* _Problem requirements_:
Wherever a picture appears, leave it out, and transcribe the rest of the records exactly.

═════ Available data

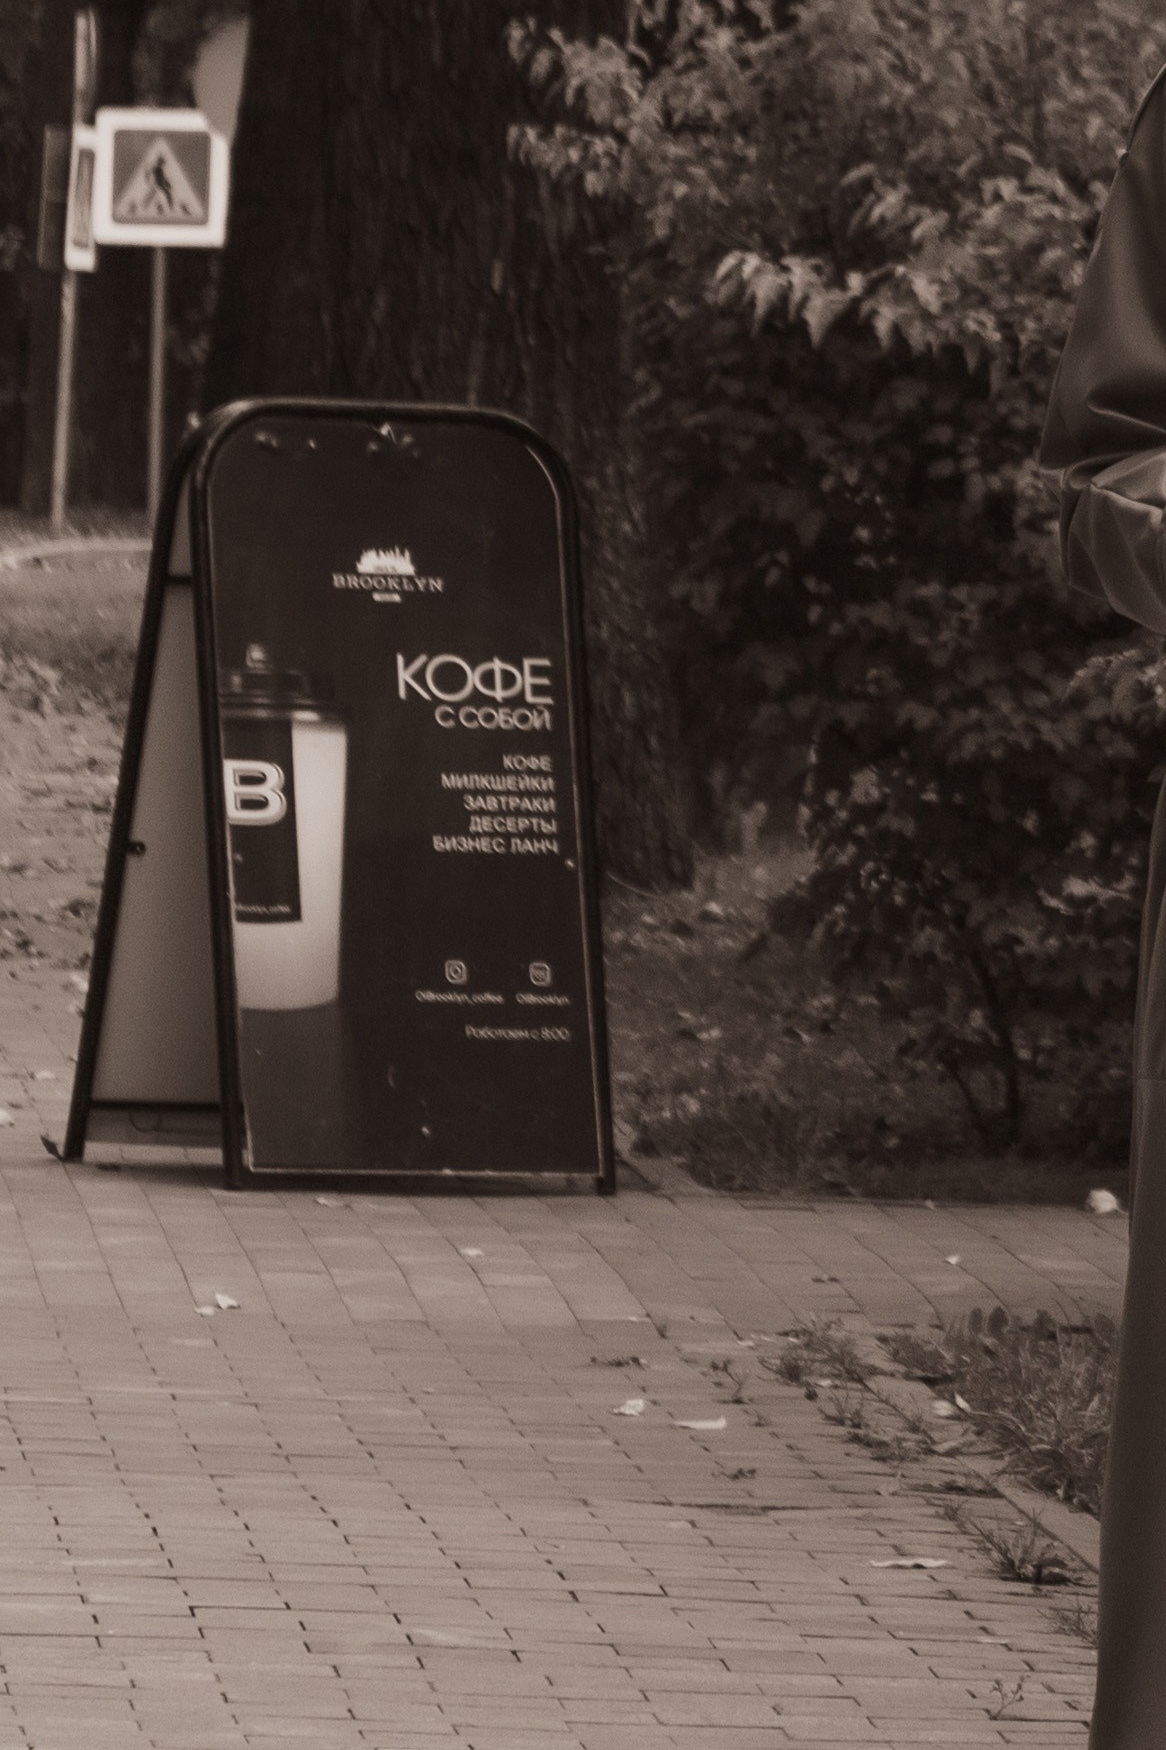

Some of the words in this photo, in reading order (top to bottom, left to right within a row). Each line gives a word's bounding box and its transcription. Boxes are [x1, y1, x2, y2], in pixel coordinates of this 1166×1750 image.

[332, 573, 444, 592] BROOKLYN
[396, 652, 554, 704] КОФЕ
[434, 705, 456, 729] С
[458, 705, 553, 731] СОБОЙ
[502, 753, 552, 772] КОФЕ
[441, 772, 556, 792] МИЛКШЕЙКИ
[222, 758, 288, 827] B
[462, 793, 557, 813] ЗАВТРАКИ
[468, 815, 559, 835] ДЕСЕРТЫ
[432, 834, 506, 854] БИЗНЕС
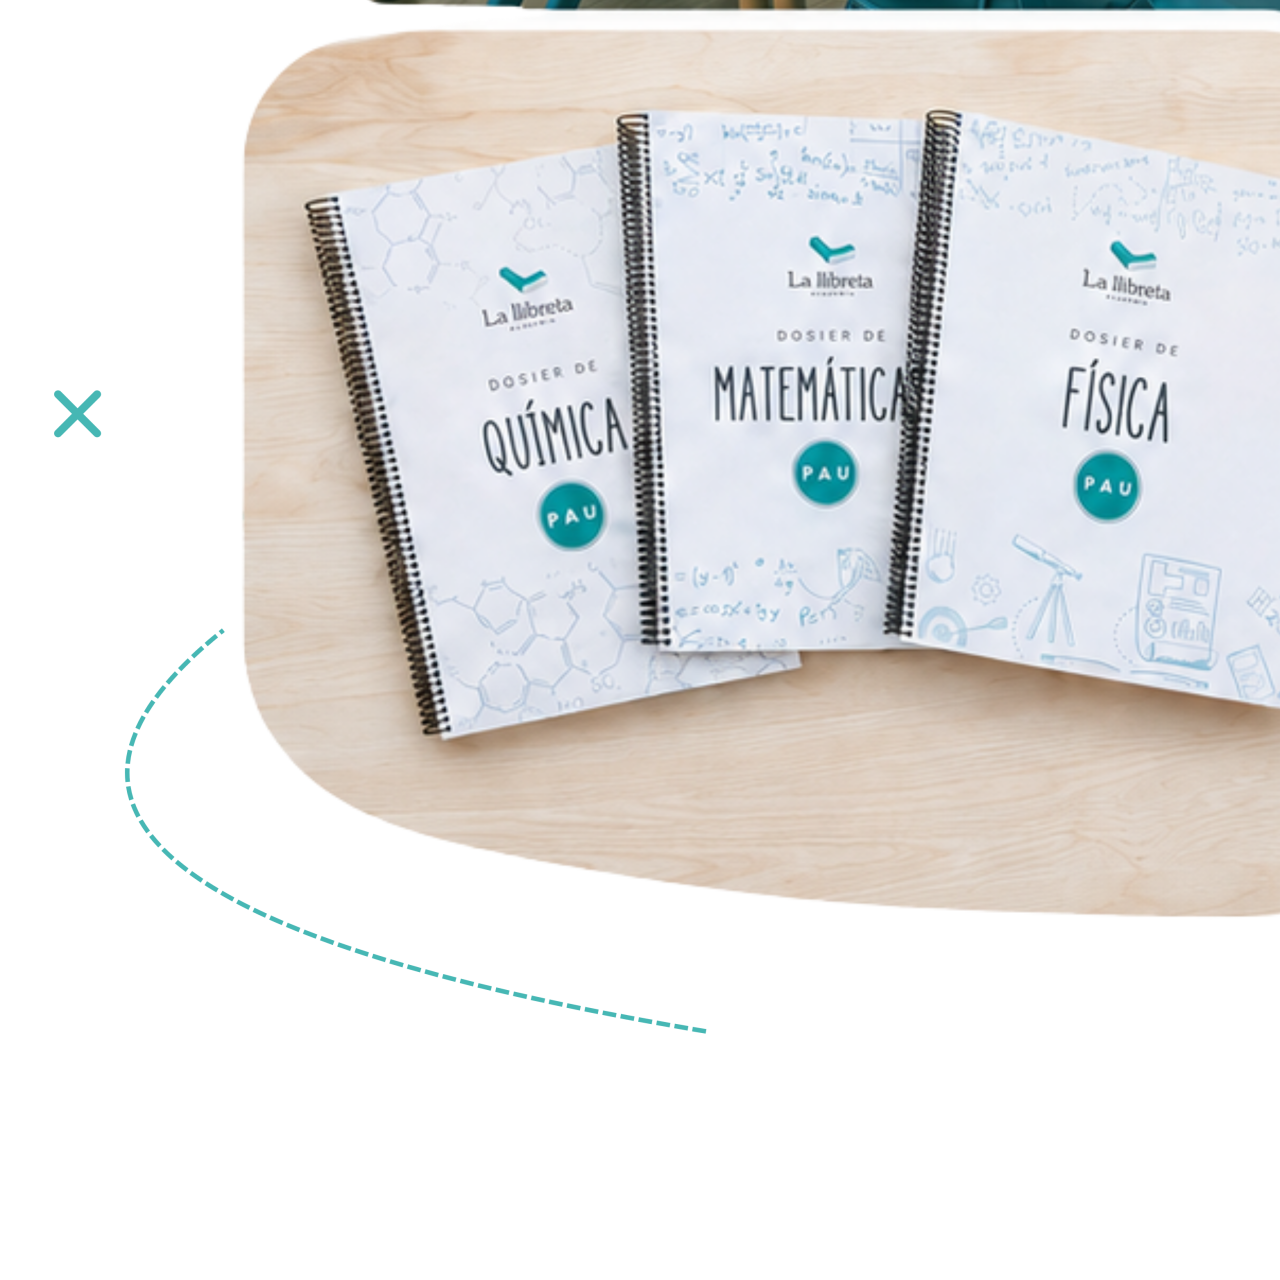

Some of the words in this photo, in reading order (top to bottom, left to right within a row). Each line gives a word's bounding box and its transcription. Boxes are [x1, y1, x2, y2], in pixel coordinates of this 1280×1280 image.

[787, 270, 811, 288] La
[816, 270, 874, 289] llibreta
[1082, 268, 1107, 290] La
[1111, 275, 1171, 302] llibreta
[481, 309, 508, 327] La
[511, 298, 574, 321] llibreta
[776, 329, 851, 342] DOSIER
[863, 329, 886, 342] DE
[1070, 328, 1144, 351] DOSIER
[1155, 342, 1179, 357] DE
[487, 366, 564, 392] DOSIER
[574, 359, 598, 375] DE
[1062, 358, 1169, 444] FÍSICA
[482, 397, 629, 477] QUÍMICA
[802, 465, 850, 481] PAU
[1084, 475, 1132, 497] PAU
[547, 504, 597, 529] PAU

══════════

* _Expected answer_:
Some of the words in this photo, in reading order (top to bottom, left to right within a row). Each line gives a word's bounding box and its transcription. Boxes are [x1, y1, x2, y2], in pixel coordinates of this 1166×1750 image.

[332, 573, 444, 592] BROOKLYN
[396, 652, 554, 704] КОФЕ
[434, 705, 456, 729] С
[458, 705, 553, 731] СОБОЙ
[502, 753, 552, 772] КОФЕ
[441, 772, 556, 792] МИЛКШЕЙКИ
[222, 758, 288, 827] B
[462, 793, 557, 813] ЗАВТРАКИ
[468, 815, 559, 835] ДЕСЕРТЫ
[432, 834, 506, 854] БИЗНЕС

Some of the words in this photo, in reading order (top to bottom, left to right within a row). Each line gives a word's bounding box and its transcription. Boxes are [x1, y1, x2, y2], in pixel coordinates of this 1280×1280 image.

[787, 270, 811, 288] La
[816, 270, 874, 289] llibreta
[1082, 268, 1107, 290] La
[1111, 275, 1171, 302] llibreta
[481, 309, 508, 327] La
[511, 298, 574, 321] llibreta
[776, 329, 851, 342] DOSIER
[863, 329, 886, 342] DE
[1070, 328, 1144, 351] DOSIER
[1155, 342, 1179, 357] DE
[487, 366, 564, 392] DOSIER
[574, 359, 598, 375] DE
[1062, 358, 1169, 444] FÍSICA
[482, 397, 629, 477] QUÍMICA
[802, 465, 850, 481] PAU
[1084, 475, 1132, 497] PAU
[547, 504, 597, 529] PAU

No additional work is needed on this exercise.